Email Identity Theft
If you're in business, your email address is going to be forged. Perhaps for phishing, but more likely by spammers. What can you do? (An updated version of one our most popular articles)
Quite often we receive a number of bounce messages indicating that
a spammer has been forging one of our email addresses in
the "From:" field of outgoing email. Worse still, a client of ours
had his website shutdown by his hosting provider because somebody forged email
which appeared to be coming from one of his accounts.
Spammers use forged email addresses because they do not want to
receive complaints (or complaints to their ISP). They just want your money.

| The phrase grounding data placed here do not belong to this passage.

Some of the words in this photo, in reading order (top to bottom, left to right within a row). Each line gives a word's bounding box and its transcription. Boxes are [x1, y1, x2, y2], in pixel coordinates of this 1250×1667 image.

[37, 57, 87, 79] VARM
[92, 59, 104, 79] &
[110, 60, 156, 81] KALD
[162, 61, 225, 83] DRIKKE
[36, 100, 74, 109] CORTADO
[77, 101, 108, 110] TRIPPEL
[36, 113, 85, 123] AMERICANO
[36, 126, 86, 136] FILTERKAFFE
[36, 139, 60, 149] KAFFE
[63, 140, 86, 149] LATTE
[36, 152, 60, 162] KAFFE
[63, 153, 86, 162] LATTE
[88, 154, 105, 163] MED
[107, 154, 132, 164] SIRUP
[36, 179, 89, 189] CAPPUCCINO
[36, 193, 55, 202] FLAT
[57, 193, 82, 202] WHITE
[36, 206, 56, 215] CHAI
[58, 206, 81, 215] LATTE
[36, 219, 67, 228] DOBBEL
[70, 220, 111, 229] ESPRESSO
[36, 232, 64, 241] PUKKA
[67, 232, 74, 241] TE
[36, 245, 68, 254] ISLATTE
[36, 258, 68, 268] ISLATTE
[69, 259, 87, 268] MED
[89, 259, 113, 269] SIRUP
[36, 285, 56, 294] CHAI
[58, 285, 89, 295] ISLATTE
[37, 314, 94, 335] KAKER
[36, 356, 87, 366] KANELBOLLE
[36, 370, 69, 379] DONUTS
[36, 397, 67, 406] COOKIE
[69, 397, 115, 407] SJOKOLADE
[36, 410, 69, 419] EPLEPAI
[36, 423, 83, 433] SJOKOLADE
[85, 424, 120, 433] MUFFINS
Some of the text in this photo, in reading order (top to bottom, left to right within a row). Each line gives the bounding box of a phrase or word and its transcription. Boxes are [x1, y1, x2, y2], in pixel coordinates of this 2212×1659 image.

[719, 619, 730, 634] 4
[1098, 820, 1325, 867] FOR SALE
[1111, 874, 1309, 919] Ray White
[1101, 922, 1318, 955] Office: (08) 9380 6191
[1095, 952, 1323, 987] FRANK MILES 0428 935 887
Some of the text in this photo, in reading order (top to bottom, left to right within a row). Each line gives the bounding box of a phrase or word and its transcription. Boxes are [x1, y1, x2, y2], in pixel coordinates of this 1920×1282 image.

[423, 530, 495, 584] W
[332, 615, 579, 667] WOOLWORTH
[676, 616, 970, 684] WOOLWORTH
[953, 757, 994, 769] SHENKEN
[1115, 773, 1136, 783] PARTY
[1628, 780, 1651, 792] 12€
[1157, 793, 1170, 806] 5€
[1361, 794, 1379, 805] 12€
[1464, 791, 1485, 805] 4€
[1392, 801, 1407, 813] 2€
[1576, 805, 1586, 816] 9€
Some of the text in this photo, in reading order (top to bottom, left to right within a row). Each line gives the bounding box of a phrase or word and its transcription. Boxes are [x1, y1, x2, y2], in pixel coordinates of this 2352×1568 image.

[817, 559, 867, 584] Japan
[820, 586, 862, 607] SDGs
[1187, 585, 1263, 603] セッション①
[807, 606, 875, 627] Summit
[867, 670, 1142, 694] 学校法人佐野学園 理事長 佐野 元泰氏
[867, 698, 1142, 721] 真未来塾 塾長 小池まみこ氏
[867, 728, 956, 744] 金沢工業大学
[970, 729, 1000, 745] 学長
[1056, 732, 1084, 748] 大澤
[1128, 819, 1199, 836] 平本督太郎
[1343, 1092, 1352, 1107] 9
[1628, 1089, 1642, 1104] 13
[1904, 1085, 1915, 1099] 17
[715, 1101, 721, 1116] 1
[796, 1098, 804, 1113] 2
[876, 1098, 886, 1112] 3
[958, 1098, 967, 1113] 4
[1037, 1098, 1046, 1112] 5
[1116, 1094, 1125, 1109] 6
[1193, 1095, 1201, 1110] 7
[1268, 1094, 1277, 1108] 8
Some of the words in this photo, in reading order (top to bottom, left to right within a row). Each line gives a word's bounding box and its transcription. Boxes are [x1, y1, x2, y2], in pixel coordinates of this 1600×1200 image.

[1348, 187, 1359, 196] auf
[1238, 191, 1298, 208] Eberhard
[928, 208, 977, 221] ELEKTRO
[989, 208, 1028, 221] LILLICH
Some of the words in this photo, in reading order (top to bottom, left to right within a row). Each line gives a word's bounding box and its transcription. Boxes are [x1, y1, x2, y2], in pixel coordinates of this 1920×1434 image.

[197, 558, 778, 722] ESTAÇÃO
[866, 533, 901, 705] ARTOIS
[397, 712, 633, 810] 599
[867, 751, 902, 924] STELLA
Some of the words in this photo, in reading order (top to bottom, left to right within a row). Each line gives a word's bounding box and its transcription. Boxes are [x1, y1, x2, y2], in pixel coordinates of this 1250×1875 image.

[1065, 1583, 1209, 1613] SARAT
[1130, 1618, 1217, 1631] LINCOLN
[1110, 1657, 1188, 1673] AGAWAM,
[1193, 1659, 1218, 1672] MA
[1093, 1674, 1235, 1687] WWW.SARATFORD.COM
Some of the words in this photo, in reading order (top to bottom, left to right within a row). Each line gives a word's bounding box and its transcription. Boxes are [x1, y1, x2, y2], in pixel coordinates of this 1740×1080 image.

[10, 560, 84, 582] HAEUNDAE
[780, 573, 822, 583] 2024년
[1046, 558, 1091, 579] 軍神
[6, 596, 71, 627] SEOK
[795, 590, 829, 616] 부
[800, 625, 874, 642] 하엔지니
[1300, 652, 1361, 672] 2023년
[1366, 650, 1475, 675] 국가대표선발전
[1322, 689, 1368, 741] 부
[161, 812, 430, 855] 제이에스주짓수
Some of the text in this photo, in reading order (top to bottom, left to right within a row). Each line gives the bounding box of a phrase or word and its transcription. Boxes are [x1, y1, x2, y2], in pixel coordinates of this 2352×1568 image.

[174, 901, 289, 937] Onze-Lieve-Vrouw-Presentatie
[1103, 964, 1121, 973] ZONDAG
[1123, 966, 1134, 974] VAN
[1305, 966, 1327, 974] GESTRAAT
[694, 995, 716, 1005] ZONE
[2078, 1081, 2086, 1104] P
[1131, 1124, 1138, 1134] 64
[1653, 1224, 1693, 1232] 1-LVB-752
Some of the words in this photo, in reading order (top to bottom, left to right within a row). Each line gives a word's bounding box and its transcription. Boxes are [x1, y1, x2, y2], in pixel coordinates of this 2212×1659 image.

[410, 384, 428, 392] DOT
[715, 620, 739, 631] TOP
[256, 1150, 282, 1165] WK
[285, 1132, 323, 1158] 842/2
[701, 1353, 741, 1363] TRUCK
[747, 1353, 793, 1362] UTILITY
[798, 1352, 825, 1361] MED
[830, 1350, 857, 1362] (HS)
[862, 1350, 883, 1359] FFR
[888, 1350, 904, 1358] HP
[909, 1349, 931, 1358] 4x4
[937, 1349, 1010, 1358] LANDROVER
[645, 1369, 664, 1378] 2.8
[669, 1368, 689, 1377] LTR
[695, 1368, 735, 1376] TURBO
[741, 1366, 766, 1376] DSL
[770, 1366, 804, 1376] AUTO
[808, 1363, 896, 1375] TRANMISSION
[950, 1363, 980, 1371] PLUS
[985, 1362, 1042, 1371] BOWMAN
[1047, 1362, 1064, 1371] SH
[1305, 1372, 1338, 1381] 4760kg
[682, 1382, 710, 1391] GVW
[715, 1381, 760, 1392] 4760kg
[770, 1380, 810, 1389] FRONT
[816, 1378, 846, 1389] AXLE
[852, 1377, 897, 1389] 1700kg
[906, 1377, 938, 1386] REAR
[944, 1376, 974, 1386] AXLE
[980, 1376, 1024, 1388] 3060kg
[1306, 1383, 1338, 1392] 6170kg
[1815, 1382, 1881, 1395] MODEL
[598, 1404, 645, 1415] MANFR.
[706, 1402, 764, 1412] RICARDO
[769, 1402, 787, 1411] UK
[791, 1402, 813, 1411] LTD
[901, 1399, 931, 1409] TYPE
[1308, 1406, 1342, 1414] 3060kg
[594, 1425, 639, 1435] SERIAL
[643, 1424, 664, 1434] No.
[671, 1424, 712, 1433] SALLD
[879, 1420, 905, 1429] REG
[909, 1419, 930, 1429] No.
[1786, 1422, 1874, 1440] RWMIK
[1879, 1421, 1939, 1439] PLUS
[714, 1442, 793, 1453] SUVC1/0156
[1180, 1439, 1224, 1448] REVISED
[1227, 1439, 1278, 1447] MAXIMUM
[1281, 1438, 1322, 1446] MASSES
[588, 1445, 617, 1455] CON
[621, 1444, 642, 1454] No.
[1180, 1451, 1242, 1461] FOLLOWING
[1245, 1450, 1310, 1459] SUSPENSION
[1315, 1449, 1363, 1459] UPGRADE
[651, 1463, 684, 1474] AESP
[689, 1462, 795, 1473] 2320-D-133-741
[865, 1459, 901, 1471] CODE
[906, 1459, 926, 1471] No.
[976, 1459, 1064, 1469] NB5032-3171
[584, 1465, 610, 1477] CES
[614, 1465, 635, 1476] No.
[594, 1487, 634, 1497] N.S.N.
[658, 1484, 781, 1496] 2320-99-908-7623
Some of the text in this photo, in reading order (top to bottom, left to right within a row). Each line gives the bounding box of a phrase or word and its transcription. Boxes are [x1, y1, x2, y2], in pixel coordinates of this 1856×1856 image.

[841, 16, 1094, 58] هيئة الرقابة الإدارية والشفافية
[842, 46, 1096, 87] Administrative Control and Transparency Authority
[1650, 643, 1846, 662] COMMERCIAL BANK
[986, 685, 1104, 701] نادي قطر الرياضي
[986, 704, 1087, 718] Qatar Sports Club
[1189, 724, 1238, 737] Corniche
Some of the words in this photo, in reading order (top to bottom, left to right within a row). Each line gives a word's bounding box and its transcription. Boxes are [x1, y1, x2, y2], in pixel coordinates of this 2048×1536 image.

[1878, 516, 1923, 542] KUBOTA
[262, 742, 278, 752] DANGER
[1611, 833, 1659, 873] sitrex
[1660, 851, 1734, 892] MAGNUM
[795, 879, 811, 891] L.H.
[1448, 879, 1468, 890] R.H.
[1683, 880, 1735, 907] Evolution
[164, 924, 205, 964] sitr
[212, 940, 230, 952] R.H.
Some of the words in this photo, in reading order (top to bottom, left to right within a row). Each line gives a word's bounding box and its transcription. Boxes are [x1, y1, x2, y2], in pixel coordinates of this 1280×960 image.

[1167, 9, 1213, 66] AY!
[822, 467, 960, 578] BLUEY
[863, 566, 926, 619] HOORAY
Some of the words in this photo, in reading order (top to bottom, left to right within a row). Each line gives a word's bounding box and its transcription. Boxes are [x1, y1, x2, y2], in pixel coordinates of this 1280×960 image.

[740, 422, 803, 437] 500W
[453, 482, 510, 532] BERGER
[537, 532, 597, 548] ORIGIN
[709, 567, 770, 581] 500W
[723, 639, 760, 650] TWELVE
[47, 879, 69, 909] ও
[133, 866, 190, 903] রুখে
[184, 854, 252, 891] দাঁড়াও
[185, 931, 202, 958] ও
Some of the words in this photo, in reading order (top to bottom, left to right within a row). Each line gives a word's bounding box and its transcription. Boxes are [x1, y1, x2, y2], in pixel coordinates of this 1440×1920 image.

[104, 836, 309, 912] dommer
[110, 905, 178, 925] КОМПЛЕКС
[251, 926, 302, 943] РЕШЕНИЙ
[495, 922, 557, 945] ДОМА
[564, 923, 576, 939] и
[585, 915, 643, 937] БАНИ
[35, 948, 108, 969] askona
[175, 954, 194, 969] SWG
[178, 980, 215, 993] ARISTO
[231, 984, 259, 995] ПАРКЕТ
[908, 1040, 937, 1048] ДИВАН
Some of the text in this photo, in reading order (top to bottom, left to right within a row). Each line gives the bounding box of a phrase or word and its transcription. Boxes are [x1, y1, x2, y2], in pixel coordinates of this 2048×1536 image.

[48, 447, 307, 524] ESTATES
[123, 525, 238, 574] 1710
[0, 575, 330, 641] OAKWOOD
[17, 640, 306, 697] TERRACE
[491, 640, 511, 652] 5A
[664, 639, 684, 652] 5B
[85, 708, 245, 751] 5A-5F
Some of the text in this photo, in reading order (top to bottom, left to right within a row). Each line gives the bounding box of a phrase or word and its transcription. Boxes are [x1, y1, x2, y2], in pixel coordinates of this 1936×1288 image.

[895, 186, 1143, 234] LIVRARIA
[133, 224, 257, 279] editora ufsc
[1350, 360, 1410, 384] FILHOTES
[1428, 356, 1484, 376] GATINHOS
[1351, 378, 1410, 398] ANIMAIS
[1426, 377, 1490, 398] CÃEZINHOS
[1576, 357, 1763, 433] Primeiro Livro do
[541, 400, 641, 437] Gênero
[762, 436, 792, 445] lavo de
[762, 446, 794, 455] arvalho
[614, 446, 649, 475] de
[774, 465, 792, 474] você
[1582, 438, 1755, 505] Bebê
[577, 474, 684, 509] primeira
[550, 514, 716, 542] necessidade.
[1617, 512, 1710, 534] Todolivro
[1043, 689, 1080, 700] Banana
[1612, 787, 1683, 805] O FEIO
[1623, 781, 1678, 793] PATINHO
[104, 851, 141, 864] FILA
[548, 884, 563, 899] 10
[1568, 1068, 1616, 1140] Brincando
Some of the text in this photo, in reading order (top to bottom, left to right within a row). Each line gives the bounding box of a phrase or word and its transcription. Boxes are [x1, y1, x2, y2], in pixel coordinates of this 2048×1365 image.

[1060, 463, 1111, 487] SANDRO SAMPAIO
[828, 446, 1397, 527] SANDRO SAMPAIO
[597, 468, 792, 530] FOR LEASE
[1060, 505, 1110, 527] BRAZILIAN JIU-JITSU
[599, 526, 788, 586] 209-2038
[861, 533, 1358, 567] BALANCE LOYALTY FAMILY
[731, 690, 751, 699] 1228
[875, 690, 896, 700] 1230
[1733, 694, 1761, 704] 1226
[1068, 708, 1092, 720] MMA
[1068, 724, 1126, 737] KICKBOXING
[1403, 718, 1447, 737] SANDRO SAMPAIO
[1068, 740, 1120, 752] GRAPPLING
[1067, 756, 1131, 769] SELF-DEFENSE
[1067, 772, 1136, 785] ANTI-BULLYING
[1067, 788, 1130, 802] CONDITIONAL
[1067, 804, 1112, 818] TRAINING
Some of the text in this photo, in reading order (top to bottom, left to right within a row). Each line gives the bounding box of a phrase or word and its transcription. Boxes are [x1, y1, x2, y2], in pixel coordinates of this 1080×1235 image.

Unfortunately email forgery is simple and commonplace.
Email viruses and worms also forge email addresses. Generally an
address is chosen from the infected machine's address book and used as the "From" address
for outgoing email. Doing so has two advantages: (1) it makes it more difficult to determine
the real source of the virus (it's someone who has both your email and that of the forged
sender in their address book); (2) by posing as a trusted contact it is more likely that
the email recipient will open an attachment and thus propagate the virus. Addresses have also
been chosen using search engines, and by examining the DNS whois database.
As a company that wants to be visible, there's not much you can't prevent this.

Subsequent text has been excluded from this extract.